By the time you read this the resulting article in German
will have already appeared in the press. The last lecture
was particularly well attended, not just because the Museum
always prepares a free wine and food buffet at the end of
any series of lectures it organizes, but also because the
topic, dealing with a medicinal plant with possible slightly
mind-altering properties, is one that interests many people
on the island. Eivissa has always been a slightly rebellious
island, with its own mind, throughout its long history and
continues to be so to the present day. A major difference
today, though, and one that is not really spoken about in
public too much, is that now the real inhabitants of the island,
the Eivissencs, are in a minority in their own island. There
are only approximately 31,000 Ibicencos in an island whose
population is now thought to be about 100,000. This rather
sad situation has only taken approximately two generations
to come about and may unfortunately, sometime in the future,
result in the extinction of Eivissenc language and culture
unless the younger generation struggles to retain their special
identity.
Back to Kava. As explained last week, Kava
is the name given to a plant, and a drink made from the roots
of that plant, that grows only in the Pacific.

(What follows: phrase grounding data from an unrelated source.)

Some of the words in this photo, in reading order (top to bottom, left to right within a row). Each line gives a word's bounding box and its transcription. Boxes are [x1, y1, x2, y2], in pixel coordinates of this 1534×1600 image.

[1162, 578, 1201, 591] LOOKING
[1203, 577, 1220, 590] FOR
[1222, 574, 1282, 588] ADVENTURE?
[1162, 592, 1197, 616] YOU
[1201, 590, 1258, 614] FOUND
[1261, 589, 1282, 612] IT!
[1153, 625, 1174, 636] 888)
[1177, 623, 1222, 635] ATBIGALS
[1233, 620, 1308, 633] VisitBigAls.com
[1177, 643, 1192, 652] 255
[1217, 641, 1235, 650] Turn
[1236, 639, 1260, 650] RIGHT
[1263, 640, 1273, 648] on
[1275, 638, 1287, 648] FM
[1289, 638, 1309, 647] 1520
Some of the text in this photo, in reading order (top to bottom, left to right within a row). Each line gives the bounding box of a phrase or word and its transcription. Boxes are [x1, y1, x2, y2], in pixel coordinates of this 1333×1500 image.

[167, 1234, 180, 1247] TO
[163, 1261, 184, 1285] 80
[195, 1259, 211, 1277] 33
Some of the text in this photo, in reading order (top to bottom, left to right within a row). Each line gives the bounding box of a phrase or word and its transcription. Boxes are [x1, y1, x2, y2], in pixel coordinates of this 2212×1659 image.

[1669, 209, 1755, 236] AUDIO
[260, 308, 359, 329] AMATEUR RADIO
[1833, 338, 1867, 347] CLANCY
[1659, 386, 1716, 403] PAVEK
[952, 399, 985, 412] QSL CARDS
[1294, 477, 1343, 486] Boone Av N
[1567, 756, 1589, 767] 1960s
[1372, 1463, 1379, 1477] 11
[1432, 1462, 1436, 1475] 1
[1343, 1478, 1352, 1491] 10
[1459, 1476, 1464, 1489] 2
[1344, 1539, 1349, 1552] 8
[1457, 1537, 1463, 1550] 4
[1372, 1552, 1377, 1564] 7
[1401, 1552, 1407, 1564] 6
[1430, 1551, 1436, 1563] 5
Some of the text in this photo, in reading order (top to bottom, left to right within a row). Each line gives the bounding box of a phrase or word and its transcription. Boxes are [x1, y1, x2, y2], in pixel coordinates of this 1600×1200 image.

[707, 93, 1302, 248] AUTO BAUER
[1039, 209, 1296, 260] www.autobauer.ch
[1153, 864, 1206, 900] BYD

Well, that's
where it should only be growing, but it has just been discovered
very recently that large plantations of three-year old kava
bushes now exist in Brazil and Guatemala. Why all the interest?
Well, there's lots of money to be made from the kava plant.
It would be rather interesting to find out which subspecies
of the kava plant these plantations are growing. It is quite
possible they originate from illegally 'exported' plantable
material as the drinkable form of the plant traditionally
grows only in the Pacific. This form of the plant cannot reproduce
itself naturally. It has no flowers or seeds. It's whole distribution
throughout the Pacific, covering nearly a third of the earth's
surface, is purely man made and remember that this distribution
was done centuries before the invention of modern transport.
A rather formidable task, which obviously took centuries.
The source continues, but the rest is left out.